Instructions for the task — Images do not belong in the copy. Retype the entries exactly.

Recorded data —
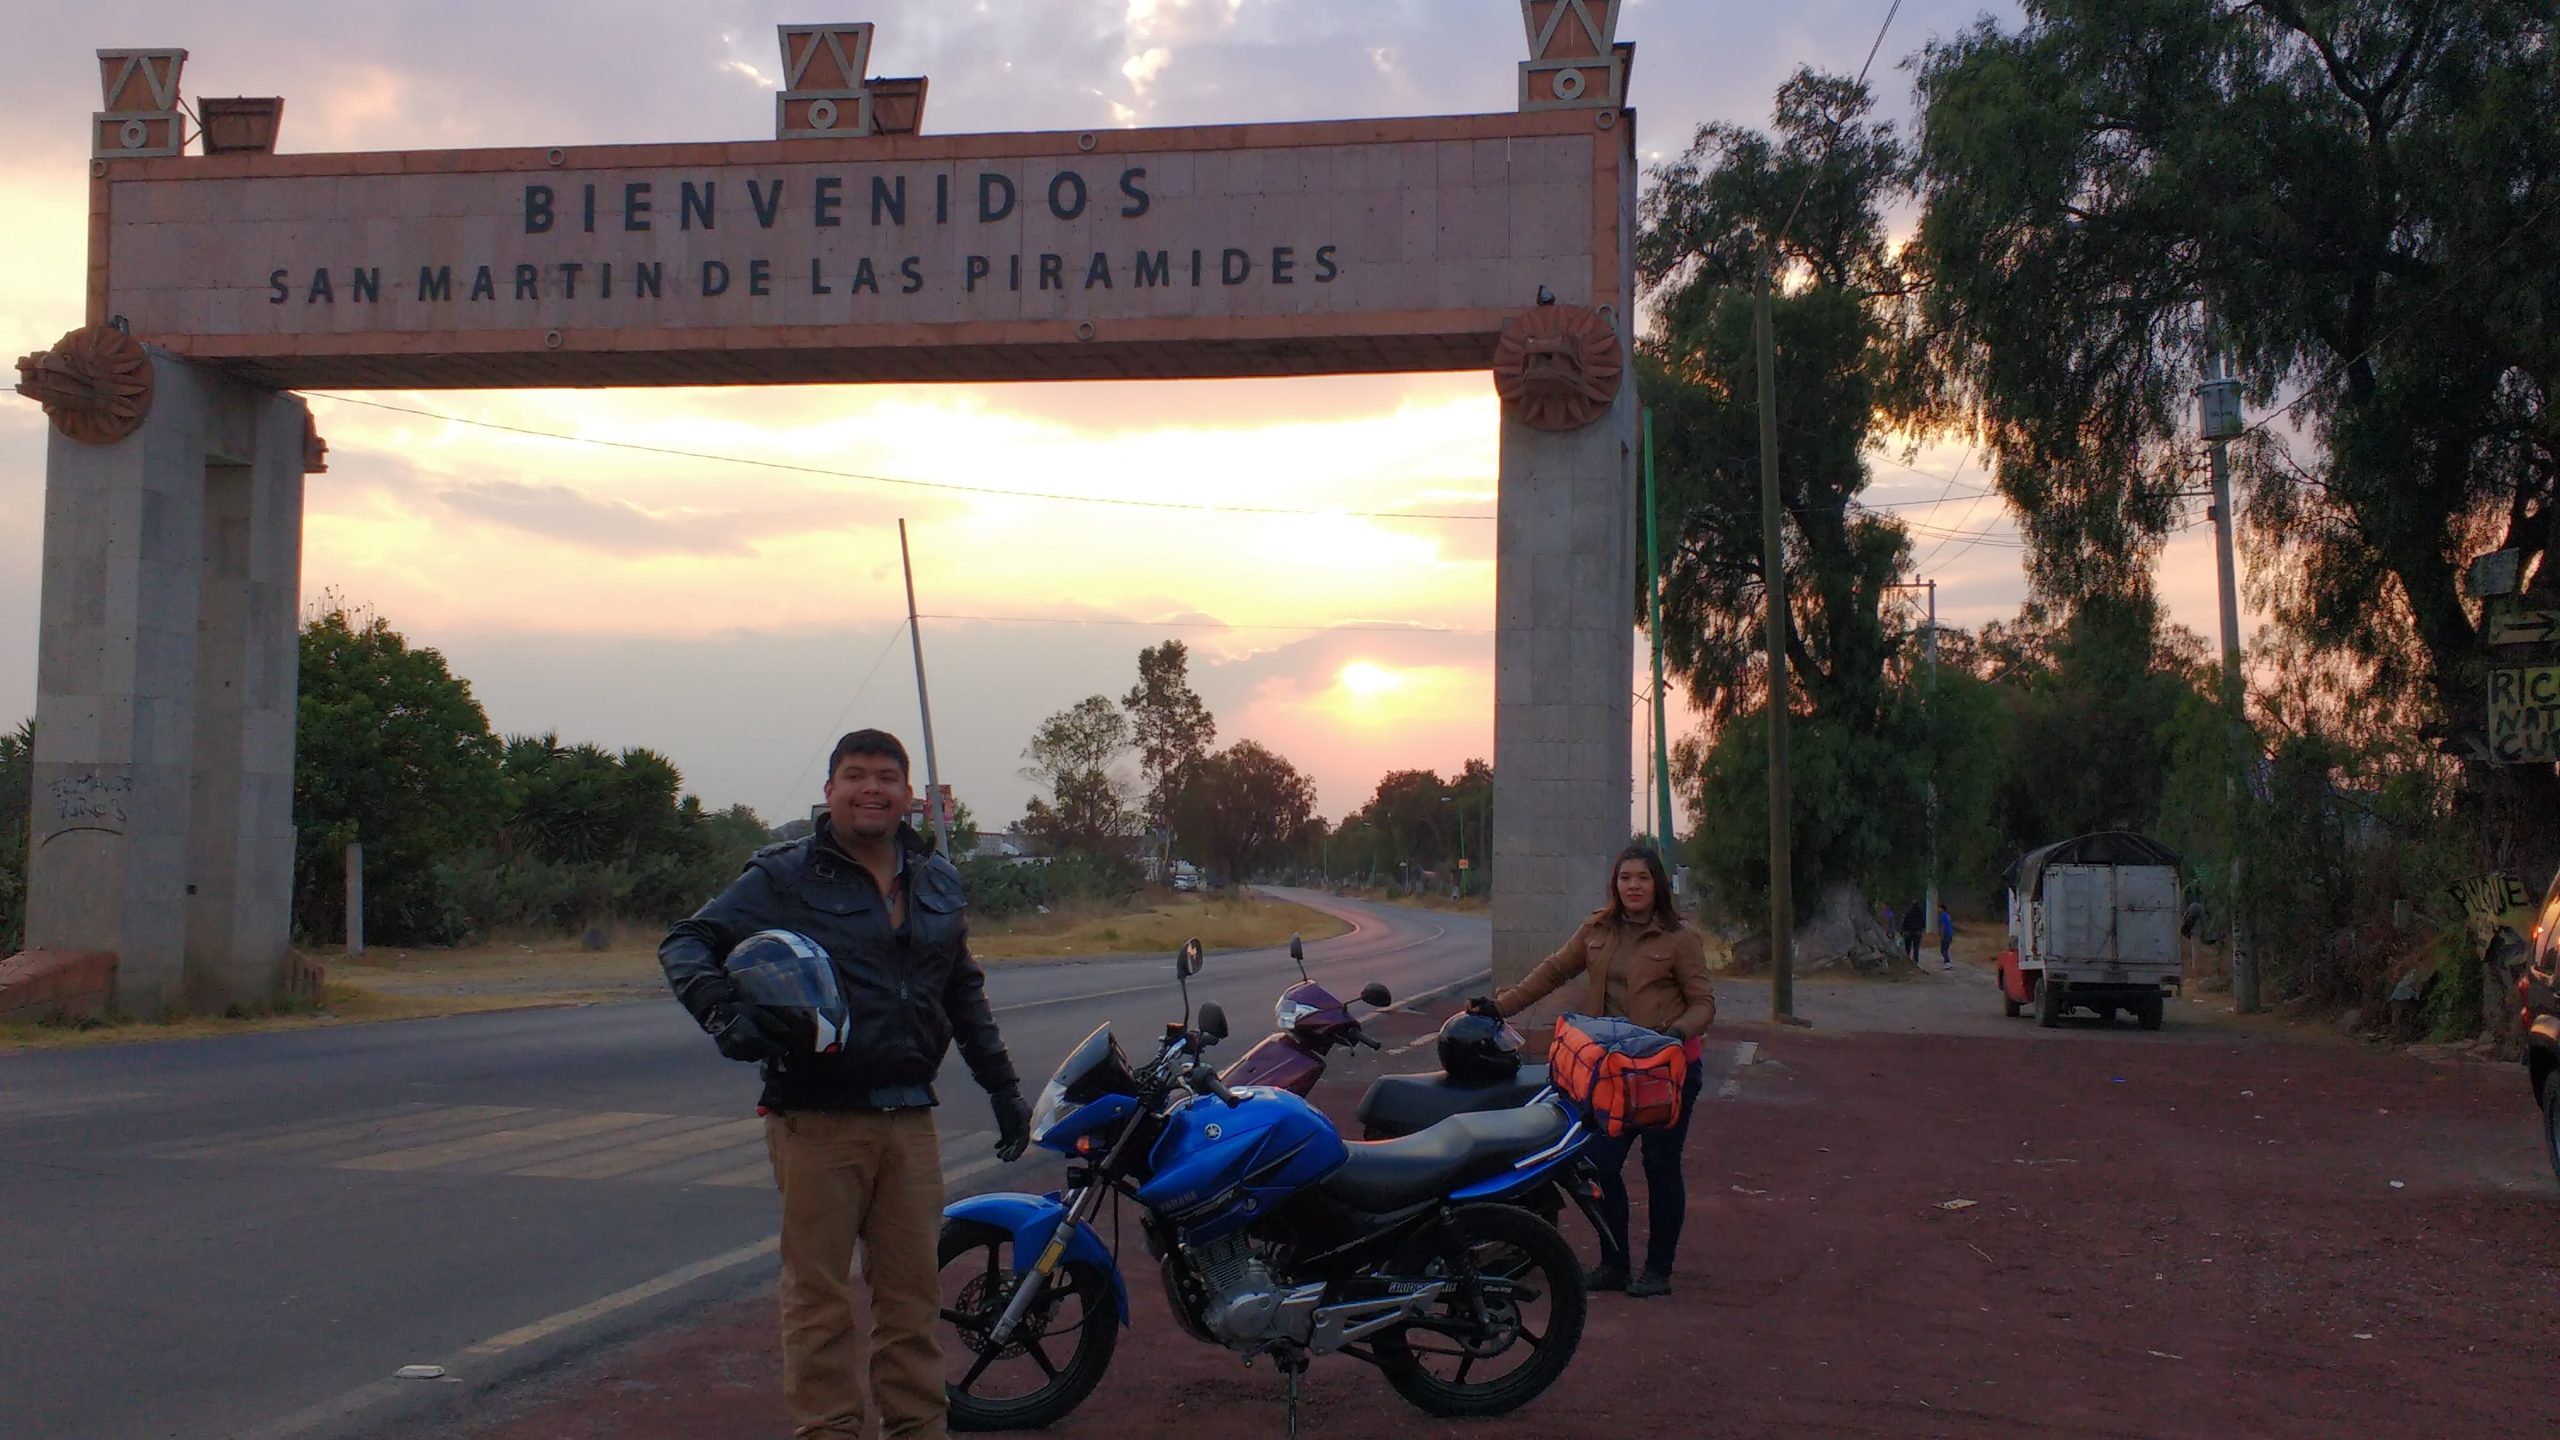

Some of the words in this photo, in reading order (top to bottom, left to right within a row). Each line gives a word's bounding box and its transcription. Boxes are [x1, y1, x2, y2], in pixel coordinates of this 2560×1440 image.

[525, 168, 1151, 234] BIENVENIDOS
[269, 267, 381, 304] SAN
[418, 262, 663, 302] MARTIN
[702, 259, 771, 296] DE
[811, 256, 924, 295] LAS
[966, 245, 1338, 293] PIRAMIDES
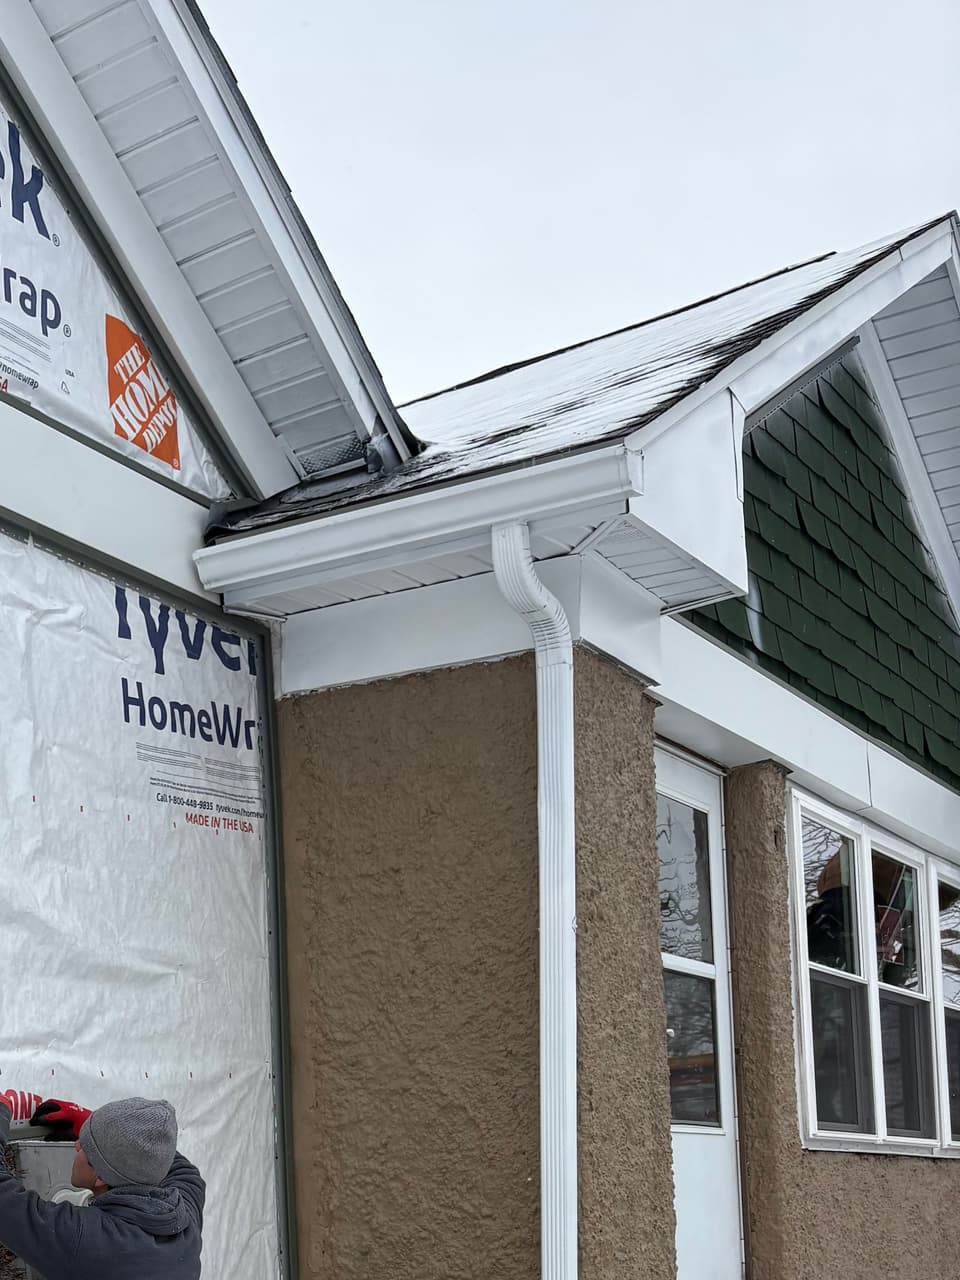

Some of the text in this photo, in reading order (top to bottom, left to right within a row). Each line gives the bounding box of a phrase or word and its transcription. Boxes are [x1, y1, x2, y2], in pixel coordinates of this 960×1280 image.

[156, 792, 168, 804] Call
[185, 812, 210, 828] MADE
[223, 818, 239, 831] THE
[240, 820, 254, 834] USA
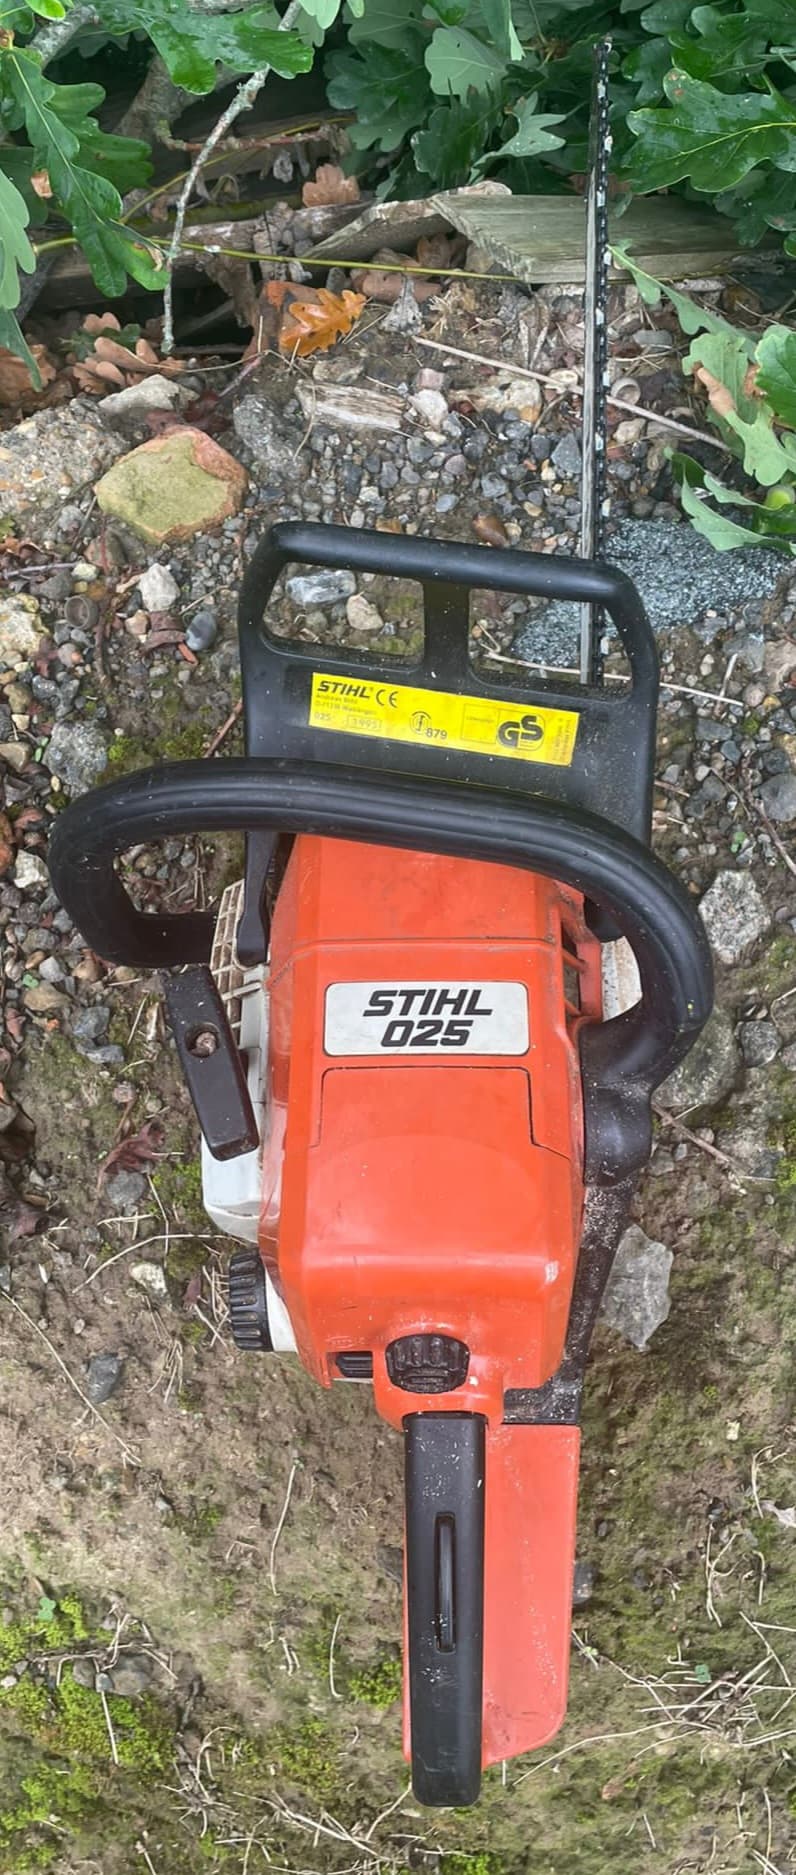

Answer to the exercise —
Some of the words in this photo, in reading order (top to bottom, left to right within a row). Each line gives a word's bounding box and its transcription. Boxes are [x1, y1, x2, y2], in pixel coordinates of this 2560×1440 image.

[525, 168, 1151, 234] BIENVENIDOS
[269, 267, 381, 304] SAN
[418, 262, 663, 302] MARTIN
[702, 259, 771, 296] DE
[811, 256, 924, 295] LAS
[966, 245, 1338, 293] PIRAMIDES

Some of the text in this photo, in reading order (top to bottom, left to right within a row). Each line gives the bounding box of a phrase or word and its transcription. Boxes are [x1, y1, x2, y2], in pixel coordinates of this 960×1280 image.

[156, 792, 168, 804] Call
[185, 812, 210, 828] MADE
[223, 818, 239, 831] THE
[240, 820, 254, 834] USA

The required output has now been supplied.